**WHAT THE EXERCISE ASKS**.
Skip the images and copy each record exactly as written.

(Free-text object descriptions)

##############################

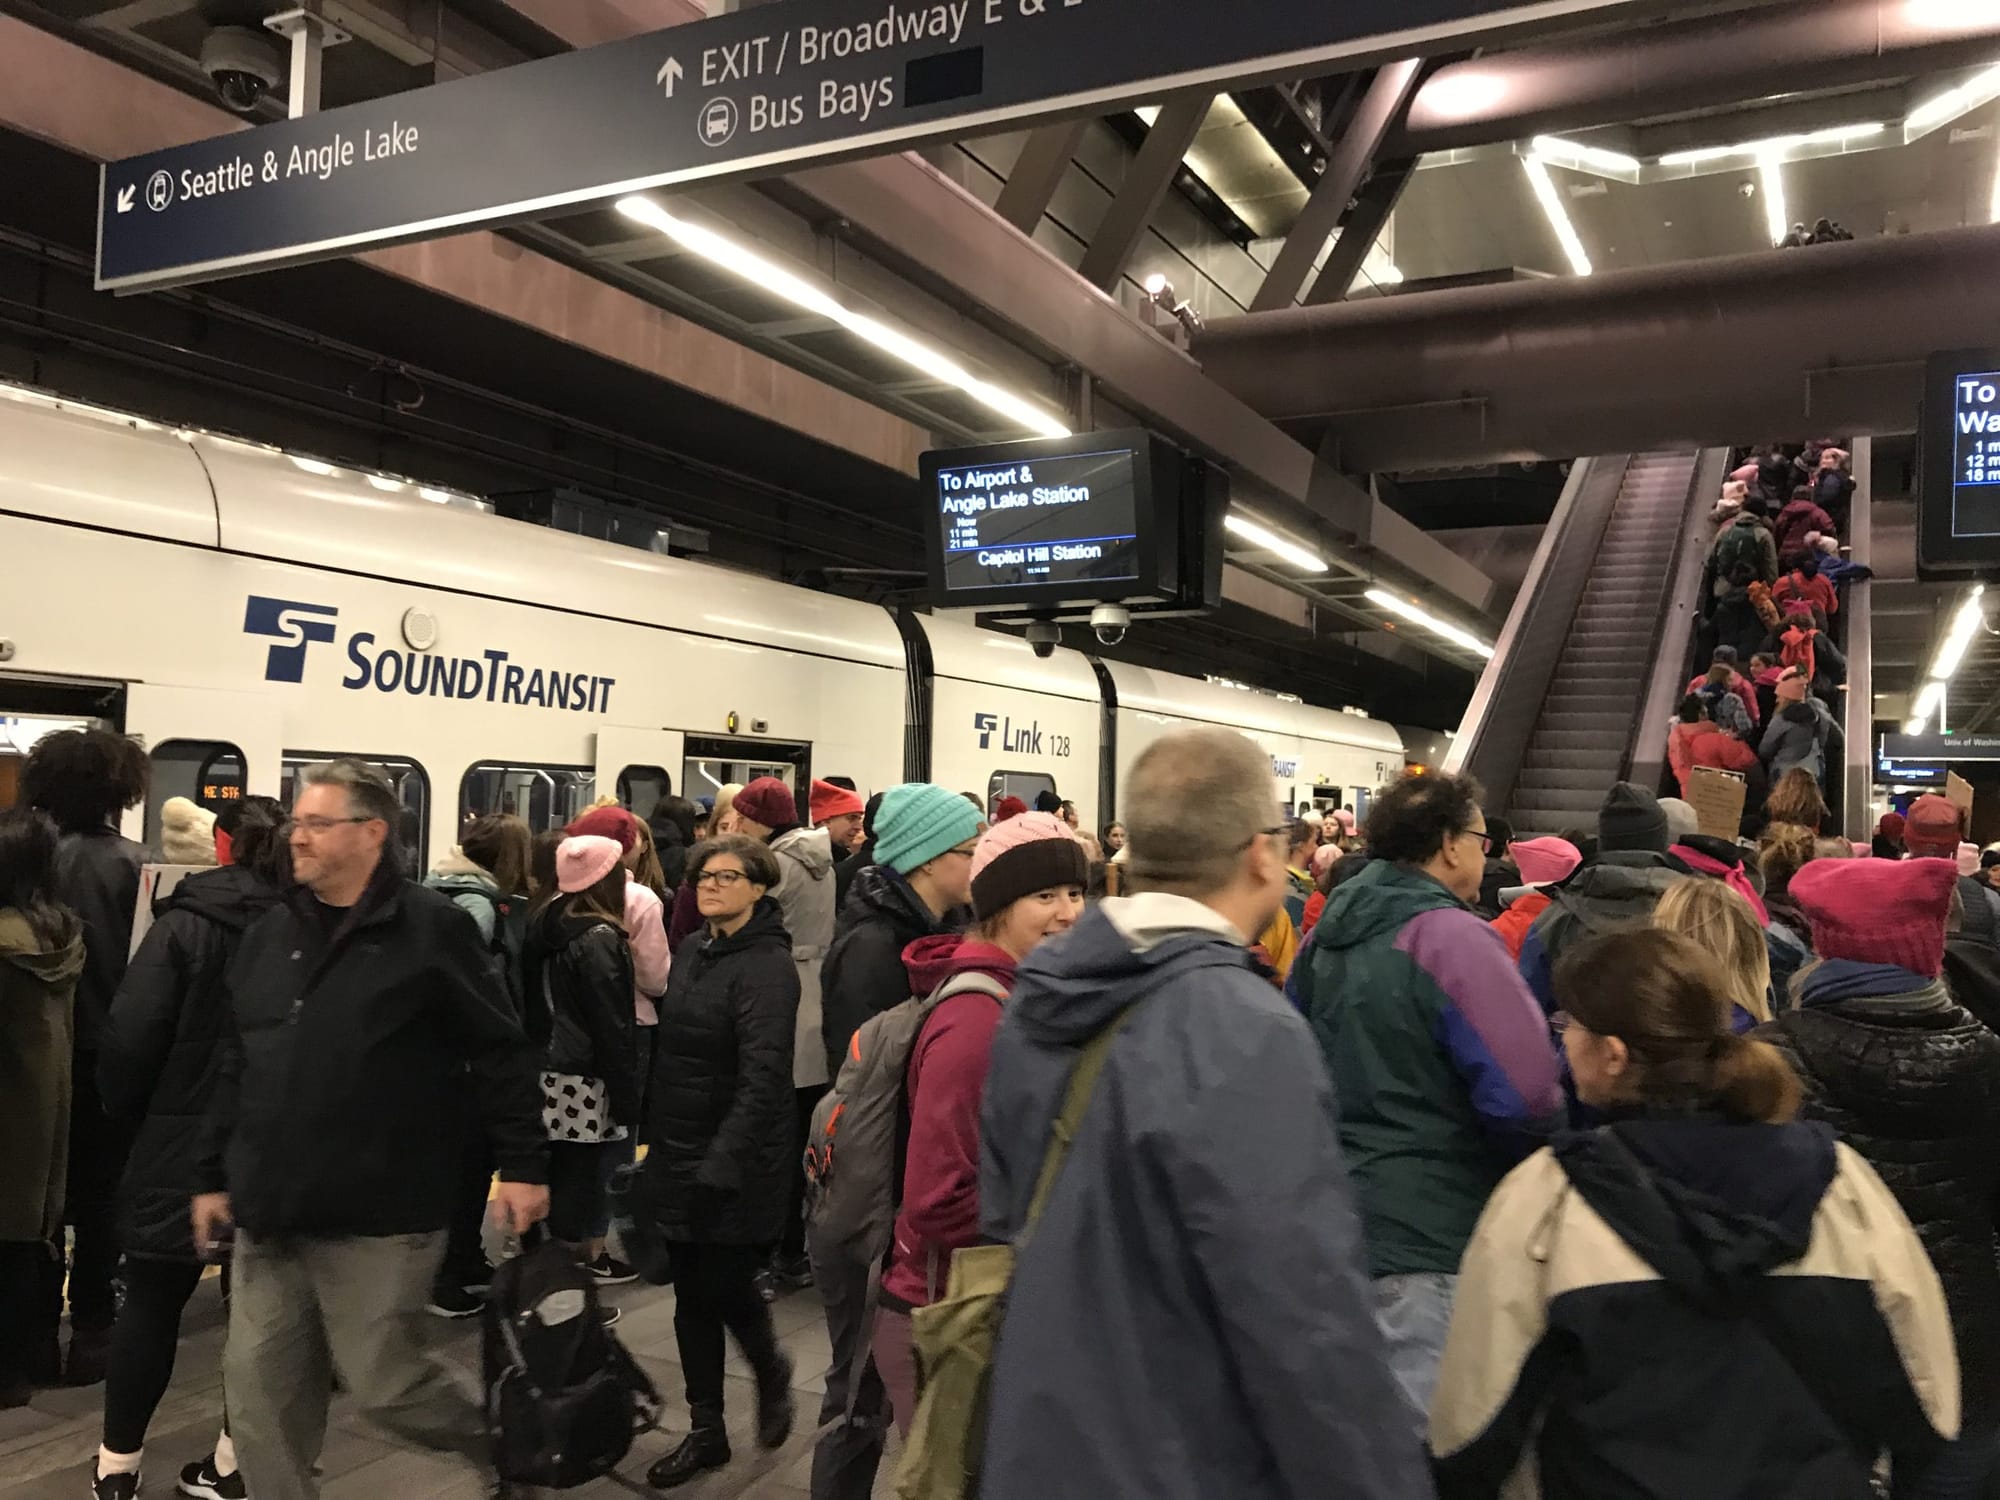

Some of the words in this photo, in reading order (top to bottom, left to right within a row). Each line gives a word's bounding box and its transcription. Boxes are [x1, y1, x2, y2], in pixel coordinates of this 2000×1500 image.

[702, 36, 770, 87] EXIT
[776, 32, 789, 74] /
[800, 0, 968, 64] Broadway
[750, 96, 804, 133] Bus
[820, 77, 893, 121] Bays
[181, 156, 254, 201] Seattle
[261, 151, 278, 182] &
[286, 133, 354, 179] Angle
[365, 121, 419, 160] Lake
[1959, 381, 1996, 404] To
[1976, 440, 1983, 454] 1
[1967, 454, 1985, 467] 12
[940, 473, 961, 490] To
[964, 468, 1017, 490] Airport
[1019, 466, 1034, 483] &
[1966, 469, 1985, 482] 18
[942, 495, 986, 516] Angle
[990, 491, 1028, 509] Lake
[1032, 486, 1090, 505] Station
[949, 529, 960, 539] 11
[950, 539, 961, 549] 21
[978, 549, 1025, 567] Capitol
[1027, 547, 1050, 562] Hill
[1052, 544, 1102, 561] Station
[1003, 716, 1042, 755] Link
[1050, 735, 1070, 757] 128

##############################

**RESPONSE AREA**.
Some of the words in this photo, in reading order (top to bottom, left to right within a row). Each line gives a word's bounding box and its transcription. Boxes are [x1, y1, x2, y2], in pixel coordinates of this 2000×1500 image.

[702, 36, 770, 87] EXIT
[776, 32, 789, 74] /
[800, 0, 968, 64] Broadway
[750, 96, 804, 133] Bus
[820, 77, 893, 121] Bays
[181, 156, 254, 201] Seattle
[261, 151, 278, 182] &
[286, 133, 354, 179] Angle
[365, 121, 419, 160] Lake
[1959, 381, 1996, 404] To
[1976, 440, 1983, 454] 1
[1967, 454, 1985, 467] 12
[940, 473, 961, 490] To
[964, 468, 1017, 490] Airport
[1019, 466, 1034, 483] &
[1966, 469, 1985, 482] 18
[942, 495, 986, 516] Angle
[990, 491, 1028, 509] Lake
[1032, 486, 1090, 505] Station
[949, 529, 960, 539] 11
[950, 539, 961, 549] 21
[978, 549, 1025, 567] Capitol
[1027, 547, 1050, 562] Hill
[1052, 544, 1102, 561] Station
[1003, 716, 1042, 755] Link
[1050, 735, 1070, 757] 128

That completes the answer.